In 1897-1902, Kots resided in Paris, where he graduated from a mining institute and established contact with the revolutionary emigres. In 1902, he graduated with the title of "Civil Mining Engineer."

== Works ==

Kots' Russian translation of The Internationale was used as the national anthem of the USSR from 1918 until 1944. It was originally published anonymously in a Russian emigre magazine Listki Zhizni, a companion publication to the Zhizn ("Life") magazine. His other significant contribution was The Proletarian Song (Песнь пролетариев).

In 1903, Arkady Kots joined the Russian Social Democratic Labour Party and carried out party assignments in Mariupol and Odessa. In 1907-1914, Kots did not belong to any political party.
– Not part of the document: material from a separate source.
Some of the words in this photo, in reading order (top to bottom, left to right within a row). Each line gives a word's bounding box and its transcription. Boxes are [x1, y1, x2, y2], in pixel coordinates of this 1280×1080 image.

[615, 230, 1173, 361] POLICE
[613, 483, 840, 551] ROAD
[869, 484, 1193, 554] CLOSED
In 1907, a publishing house Nash Golos (Наш голос) published a collection of verses by Arkady Kots named Proletarian Songs (Песни пролетариев), which would be immediately confiscated by the tsarist authorities. Kots is known to have translated a play by Octave Mirbeau called Les Mauvais Bergers and published a number of political brochures. In 1914-1920, he sided with the Mensheviks.
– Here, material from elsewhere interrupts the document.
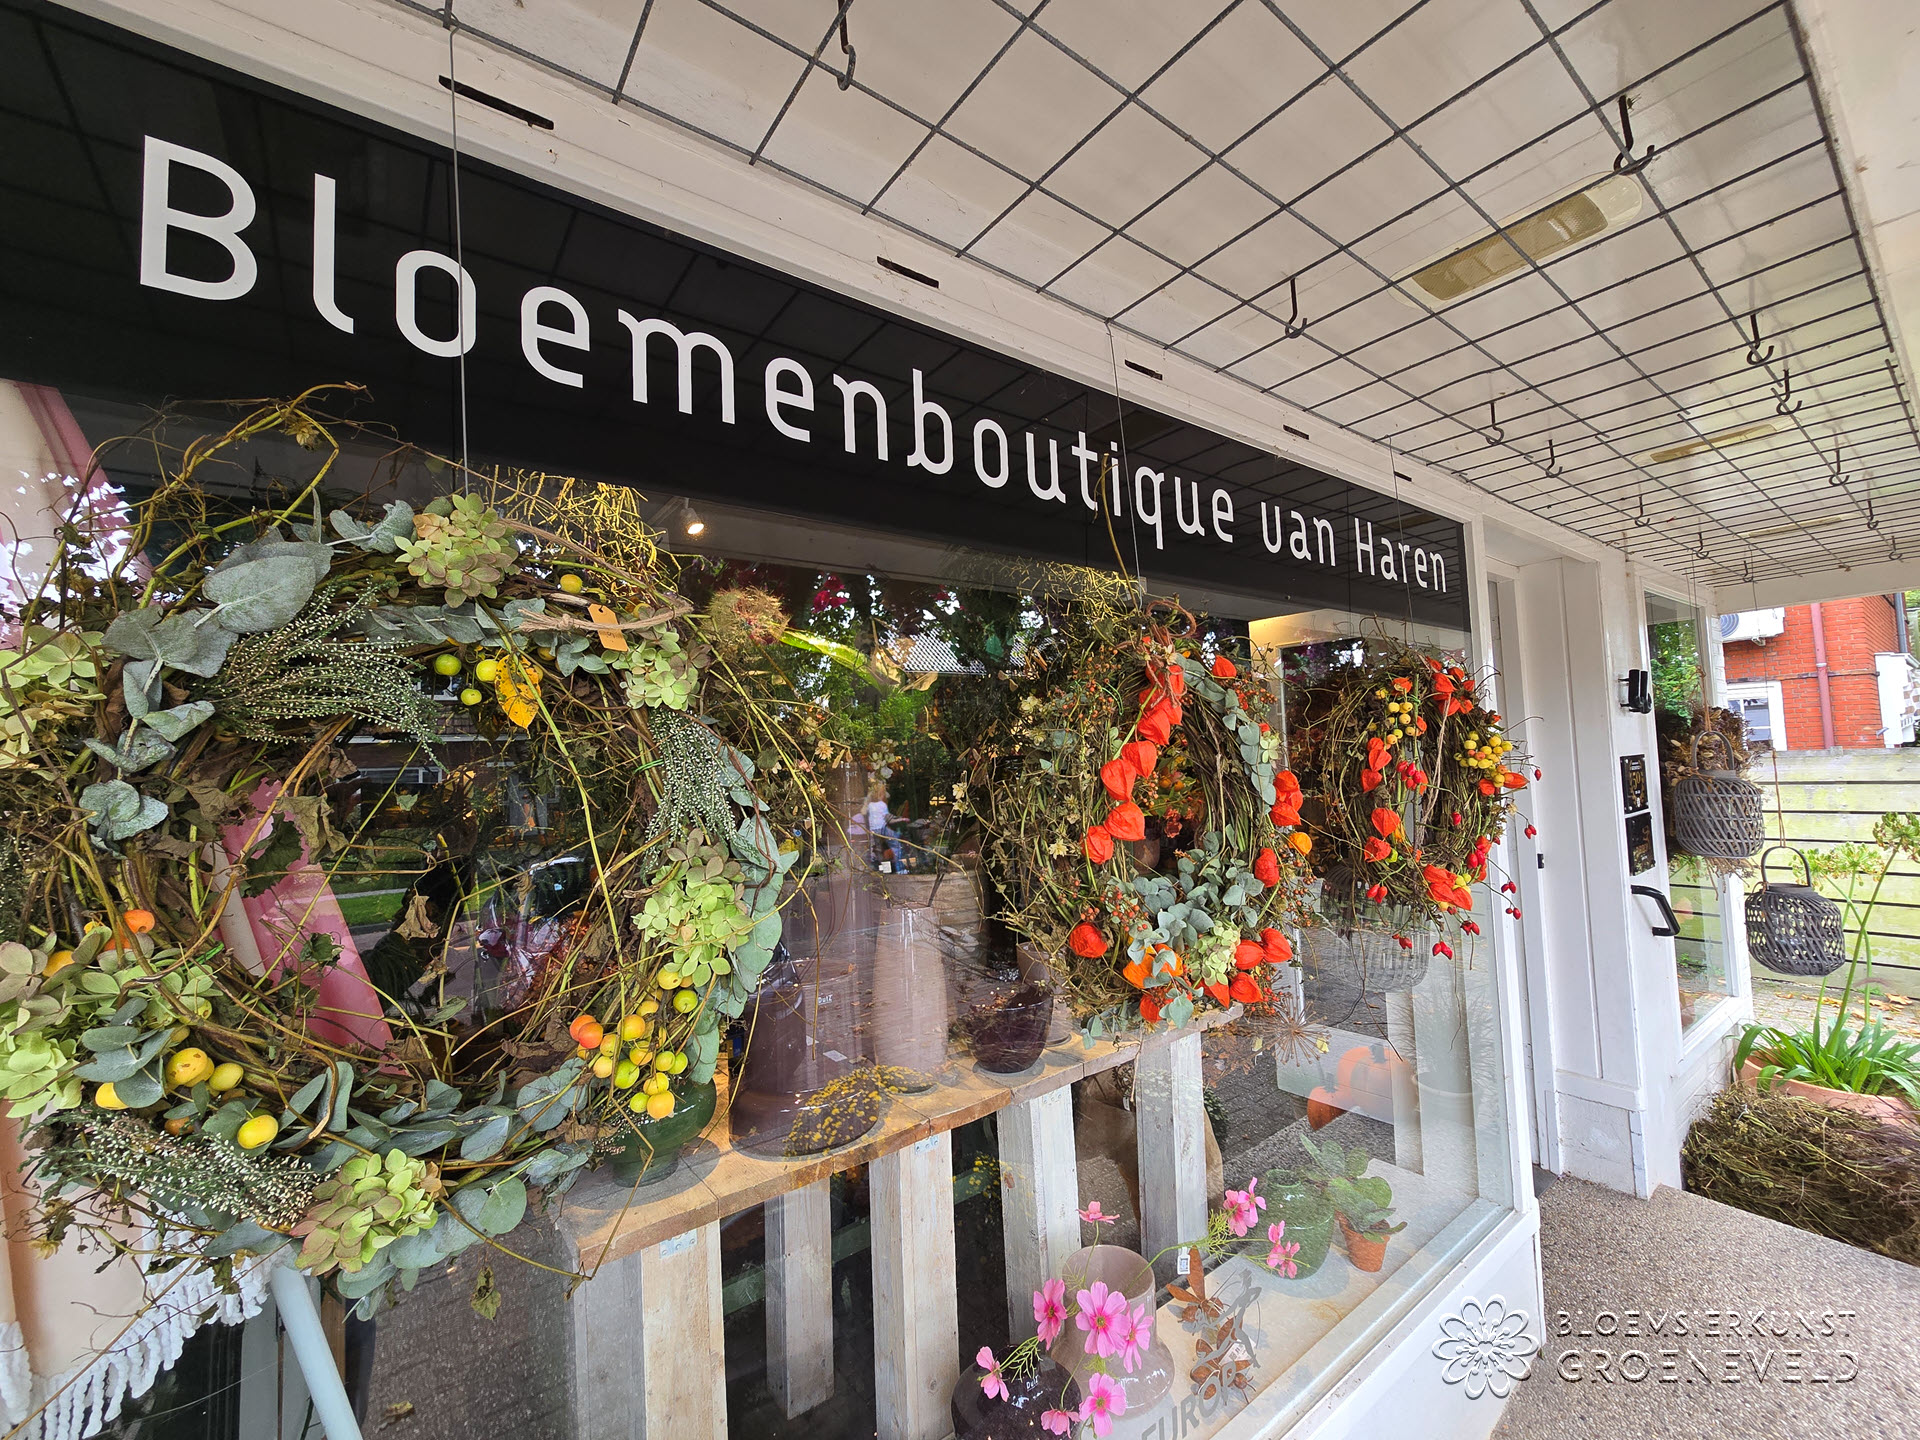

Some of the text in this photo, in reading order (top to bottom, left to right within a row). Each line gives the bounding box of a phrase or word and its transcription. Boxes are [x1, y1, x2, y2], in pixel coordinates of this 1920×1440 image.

[140, 135, 1447, 593] Bloemenboutique van Haren
During the Great Patriotic War, at the age of seventy, he went to work at a defense plant. He still devoted his free minutes to literary creativity and continued to translate poems by E. Potier into Russian. Kots died after being evacuated to the Far East in 1943.

Translation of "The Internationale"

Kots was presents at the 1899 Congress of French Socialist Organizations, where "The Internationale" was proclaimed the anthem of the socialists. As a young Russian emigre student, Kots studied at the Paris Mining Institute and participated in the revolutionary movement. Kots loved music and had led a choir of Russian emigrants for some time. The singing of "The Internationale" made a great impression on him, he recalled, “the voices of all those standing in the hall and in the choirs merged into one powerful rumble of voices that shook the walls of the hall. And when they reached the chorus and the last note of the words broke off, the enthusiasm and enthusiasm of the singers reached their limit. Overwhelmed by an indescribable feeling of unity, people in the hall and in the choirs hugged and kissed ..."

Kots' Russian translation of "The Internationale" was published in 1902 in London in the Marxist journal "Life (Zhizn')" under the pseudonym A. Danin. This translation was very successful due to its brevity, verse, clear rhythm, and forceful words. The name of Kots as translator remained unknown for some time, only in the 1930s was it formally credited to him.

The word "translation" is inadequate to describe Kots' contribution to creating the Russian version of Eugène Pottier's work. Kots chose three stanzas which he considered most suitable for the conditions in Russia and he reworked and adapted their content. His translation stands out for its creative independence.

Poetry

- Song of the Proletarians (Песень пролетариев) (1902)
- I Can Hear the Sound of His Speeches (Я слышу звук его речей)(Dedicated to Leo Tolstoy) (1902)
- May Song (Майская песнь) (1904)
- The 9th of January (9 января) (1905)
- Hymn to Liberty (Гимн свободе) (1905)
- Oath (Клятва) (1905)

== Personal life ==

Kots' oldest son Grigory Arkadyevich Kots won laureate of the USSR State Prize for developing technology for extracting Yakut diamonds from rocks and a laureate of the USSR Council of Ministers Prize for geological and technological mapping of solid mineral deposits.

His youngest son, Yuri Arkadyevich Kots died near Stalingrad during the Great Patriotic War.